À propos de : Ingrid Nyström, Patricia Vendramin, Le boycott, Presses de SciencesPo.


par Benjamin Ferron , le 28 octobre 2015


Existe-t-il un véritable contre-pouvoir des consommateurs à l’ère de la mondialisation néolibérale ? Un ouvrage analyse les significations politiques du boycott et l’exercice d’un pouvoir économique « par le bas ».

Recensé : Ingrid Nyström, Patricia Vendramin, Le boycott, Paris, Presses de SciencesPo, 2015, 135 p., 13€.

To buy or not to buy ? Telle est, en substance, la question pratique que pose l’acte de boycott ou son envers, le « buycott » [1]. Publié en avril 2015, l’ouvrage (135 p.) d’Ingrid Nyström et Patricia Vendramin consacré à ce mode d’action protestataire, vient enrichir la collection « Contester » lancée en 2008 par les Presses de SciencesPo qui entend rendre compte de manière à la fois accessible et synthétique de l’état des recherches en sociologie de l’action collective, du militantisme et des mouvements sociaux. Avec cette nouvelle livraison, Ingrid Nyström, spécialiste de l’analyse des politiques économiques et sociales, et Patricia Vendramin, directrice de recherche à la Fondation travail-université (Belgique) et enseignante à l’Université catholique de Louvain, réussissent le pari éditorial de fournir au lecteur, dans un format court et dans un style clair, un outil d’analyse historique et sociologique des actions de boycott et une grille d’interprétation de leur succès dans les sociétés de consommation contemporaines. Croisant les apports de la sociologie de la participation politique et les études sur la « consommation engagée », les auteures s’interrogent, sur ce que l’on pourrait appeler le pouvoir économique « par le bas », renversant la problématique habituelle consistant à analyser ce pouvoir « par le haut » [2].

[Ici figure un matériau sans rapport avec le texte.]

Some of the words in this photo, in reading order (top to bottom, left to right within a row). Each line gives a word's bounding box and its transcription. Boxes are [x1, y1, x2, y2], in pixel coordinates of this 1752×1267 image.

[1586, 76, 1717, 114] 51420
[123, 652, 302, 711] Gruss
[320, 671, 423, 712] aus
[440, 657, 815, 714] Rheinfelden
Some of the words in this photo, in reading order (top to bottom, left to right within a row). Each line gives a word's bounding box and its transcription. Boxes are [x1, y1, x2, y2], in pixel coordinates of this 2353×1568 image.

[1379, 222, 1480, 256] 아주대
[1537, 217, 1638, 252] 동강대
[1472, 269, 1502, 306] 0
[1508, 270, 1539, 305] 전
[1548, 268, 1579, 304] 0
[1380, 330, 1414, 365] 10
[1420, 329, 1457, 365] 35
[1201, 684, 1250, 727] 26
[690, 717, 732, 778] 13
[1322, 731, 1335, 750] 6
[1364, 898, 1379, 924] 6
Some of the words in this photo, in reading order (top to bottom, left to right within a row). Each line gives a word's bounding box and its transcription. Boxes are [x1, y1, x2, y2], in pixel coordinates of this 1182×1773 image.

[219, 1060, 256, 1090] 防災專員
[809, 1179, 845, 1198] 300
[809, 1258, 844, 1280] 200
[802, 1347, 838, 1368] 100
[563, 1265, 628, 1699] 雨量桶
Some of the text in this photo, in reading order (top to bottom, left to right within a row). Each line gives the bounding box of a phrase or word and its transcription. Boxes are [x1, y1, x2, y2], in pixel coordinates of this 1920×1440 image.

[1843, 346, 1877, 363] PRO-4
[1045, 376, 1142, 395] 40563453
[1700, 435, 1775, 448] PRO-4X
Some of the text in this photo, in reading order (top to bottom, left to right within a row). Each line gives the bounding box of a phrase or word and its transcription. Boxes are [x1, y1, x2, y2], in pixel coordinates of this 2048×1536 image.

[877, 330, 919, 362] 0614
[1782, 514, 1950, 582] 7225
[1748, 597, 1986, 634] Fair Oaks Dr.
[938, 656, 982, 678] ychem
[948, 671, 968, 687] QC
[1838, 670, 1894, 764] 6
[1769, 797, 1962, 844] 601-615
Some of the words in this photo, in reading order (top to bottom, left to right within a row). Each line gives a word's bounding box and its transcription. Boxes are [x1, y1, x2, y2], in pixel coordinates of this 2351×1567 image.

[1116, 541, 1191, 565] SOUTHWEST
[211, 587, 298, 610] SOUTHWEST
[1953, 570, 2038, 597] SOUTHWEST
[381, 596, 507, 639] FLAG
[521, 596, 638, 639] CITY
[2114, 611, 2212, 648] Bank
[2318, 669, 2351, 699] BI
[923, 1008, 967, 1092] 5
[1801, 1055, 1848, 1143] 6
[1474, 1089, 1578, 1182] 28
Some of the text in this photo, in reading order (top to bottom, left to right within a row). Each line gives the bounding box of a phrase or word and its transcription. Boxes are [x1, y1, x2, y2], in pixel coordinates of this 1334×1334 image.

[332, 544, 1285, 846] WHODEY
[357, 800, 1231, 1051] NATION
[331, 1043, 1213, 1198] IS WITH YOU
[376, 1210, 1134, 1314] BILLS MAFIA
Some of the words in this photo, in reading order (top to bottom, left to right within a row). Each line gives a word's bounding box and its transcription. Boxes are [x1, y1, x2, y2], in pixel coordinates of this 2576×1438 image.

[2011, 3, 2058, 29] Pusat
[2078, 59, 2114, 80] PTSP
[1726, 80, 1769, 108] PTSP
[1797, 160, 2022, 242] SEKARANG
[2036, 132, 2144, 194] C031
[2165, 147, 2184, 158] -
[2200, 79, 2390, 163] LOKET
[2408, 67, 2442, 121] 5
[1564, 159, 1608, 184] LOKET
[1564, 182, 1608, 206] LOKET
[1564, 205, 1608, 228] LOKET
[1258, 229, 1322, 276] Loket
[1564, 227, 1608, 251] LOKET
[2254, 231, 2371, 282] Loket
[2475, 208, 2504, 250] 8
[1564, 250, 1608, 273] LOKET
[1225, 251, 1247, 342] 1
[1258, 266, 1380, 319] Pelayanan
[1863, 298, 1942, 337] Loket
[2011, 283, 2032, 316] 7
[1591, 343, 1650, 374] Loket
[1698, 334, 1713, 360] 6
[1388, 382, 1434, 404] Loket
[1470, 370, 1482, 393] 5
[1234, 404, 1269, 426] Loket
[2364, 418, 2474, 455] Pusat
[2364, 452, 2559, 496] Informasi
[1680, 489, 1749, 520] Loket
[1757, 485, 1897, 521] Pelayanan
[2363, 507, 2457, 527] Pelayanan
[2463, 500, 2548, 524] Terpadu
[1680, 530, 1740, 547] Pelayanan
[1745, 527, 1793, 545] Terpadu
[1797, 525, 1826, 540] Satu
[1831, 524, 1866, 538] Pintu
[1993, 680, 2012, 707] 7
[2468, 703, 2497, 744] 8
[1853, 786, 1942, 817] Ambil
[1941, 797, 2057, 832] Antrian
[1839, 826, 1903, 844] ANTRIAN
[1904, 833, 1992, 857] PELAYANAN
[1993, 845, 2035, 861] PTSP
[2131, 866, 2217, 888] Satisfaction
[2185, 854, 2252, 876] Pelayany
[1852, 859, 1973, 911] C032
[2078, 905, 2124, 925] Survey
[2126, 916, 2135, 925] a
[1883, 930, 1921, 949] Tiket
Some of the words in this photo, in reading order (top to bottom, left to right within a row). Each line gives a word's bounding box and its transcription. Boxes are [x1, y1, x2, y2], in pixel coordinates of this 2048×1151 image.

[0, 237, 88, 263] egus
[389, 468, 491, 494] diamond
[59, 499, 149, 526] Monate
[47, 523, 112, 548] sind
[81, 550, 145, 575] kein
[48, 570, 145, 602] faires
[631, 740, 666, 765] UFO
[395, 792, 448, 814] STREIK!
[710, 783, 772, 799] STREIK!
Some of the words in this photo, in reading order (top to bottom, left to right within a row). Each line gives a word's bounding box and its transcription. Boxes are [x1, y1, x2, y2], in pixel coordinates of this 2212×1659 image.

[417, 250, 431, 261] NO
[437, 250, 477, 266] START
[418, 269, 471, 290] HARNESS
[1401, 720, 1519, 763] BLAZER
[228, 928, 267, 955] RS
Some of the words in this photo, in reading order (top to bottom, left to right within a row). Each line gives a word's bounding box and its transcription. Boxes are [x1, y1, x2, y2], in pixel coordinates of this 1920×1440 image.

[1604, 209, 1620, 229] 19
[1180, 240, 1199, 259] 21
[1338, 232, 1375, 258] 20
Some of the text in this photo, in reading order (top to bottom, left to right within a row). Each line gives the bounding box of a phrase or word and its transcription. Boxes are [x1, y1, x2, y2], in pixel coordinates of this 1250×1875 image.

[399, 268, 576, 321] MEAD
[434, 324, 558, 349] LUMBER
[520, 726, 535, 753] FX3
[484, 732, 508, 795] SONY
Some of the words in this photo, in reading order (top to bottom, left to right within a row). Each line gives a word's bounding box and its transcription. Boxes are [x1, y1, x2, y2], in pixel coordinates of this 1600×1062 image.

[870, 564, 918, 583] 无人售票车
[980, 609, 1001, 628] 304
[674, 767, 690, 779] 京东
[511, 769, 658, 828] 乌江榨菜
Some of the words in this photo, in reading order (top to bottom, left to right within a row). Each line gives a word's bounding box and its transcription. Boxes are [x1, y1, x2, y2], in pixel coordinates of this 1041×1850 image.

Du Boston Tea Party à la campagne BDS

Le mot « boycott » est apparu dans la langue anglaise à la fin du XIXe siècle, à la suite d’une campagne menée en 1880 dans le comté de Mayo (Irlande de l’ouest) contre l’intendant Charles Cunningham Boycott. Ce dernier se fit « boycotter » par la population locale car il avait décidé d’augmenter le loyer des terres et provoqué l’expulsion de nombreuses familles paysannes (p. 16-18). Le terme s’est ensuite diffusé dans de nombreuses langues : boicot en espagnol, boicotear en portugais boikottirovat en russe, boycottage puis boycott en français. Le boycott est, selon la définition qu’en proposent les auteures, « une concentration systématique d’actions individuelles et volontaires conduisant au refus d’entretenir une relation (commerciale, politique, culturelle, sportive, diplomatique ou encore académique) avec un tiers (collectivité, entreprise, État, etc.) en vue d’exercer sur lui une pression » (p. 10). Le premier chapitre de l’ouvrage revient ainsi sur les origines et les enjeux de définition du boycott, qui apparaît d’un point de vue historique comme « l’arme économique » de groupes à faibles ressources. Cette pratique s’inscrit dans la continuité d’actions qui ont eu pour but d’affaiblir un adversaire en l’isolant socialement et économiquement : l’ostracisme, la mise à l’index, la mise au ban, l’excommunication, l’embargo ou encore le blocus (p. 13-16).

La pratique du boycott est davantage ancrée dans la culture anglo-saxonne qu’ailleurs. Plusieurs campagnes de « boycott » ont été menées en Grande-Bretagne dès la fin du XVIIIe siècle, sans être encore nommées de la sorte. Ce fut le cas du boycott des colonies britanniques d’Amérique qui débuta avec le refus des colons de décharger des cargaisons de thé en provenance de l’Angleterre (Boston Tea Party, 1773) et aboutit à l’indépendance des États-Unis (1776). Ce fut également le cas le boycott du sucre en provenance des Antilles mené par le mouvement anti-esclavagiste anglais en 1790 et qui déboucha sur l’abandon de la traite en 1807 et la fin de l’esclavage en 1833. Au début du XXe siècle, une des plus célèbres opérations de boycott de l’histoire a été menée dans une colonie britannique, l’Inde, avec les actions de désobéissance civile (satyagraha) lancées par Gandhi pour l’indépendance de son pays, qui appelait à cesser de travailler pour les Anglais, d’acheter leurs produits et d’utiliser leurs services (1919-1922). Aujourd’hui encore, le boycott est un mode d’action aussi routinier au Royaume-Uni et aux États-Unis que la grève ou la manifestation peut l’être en France (p. 27-30).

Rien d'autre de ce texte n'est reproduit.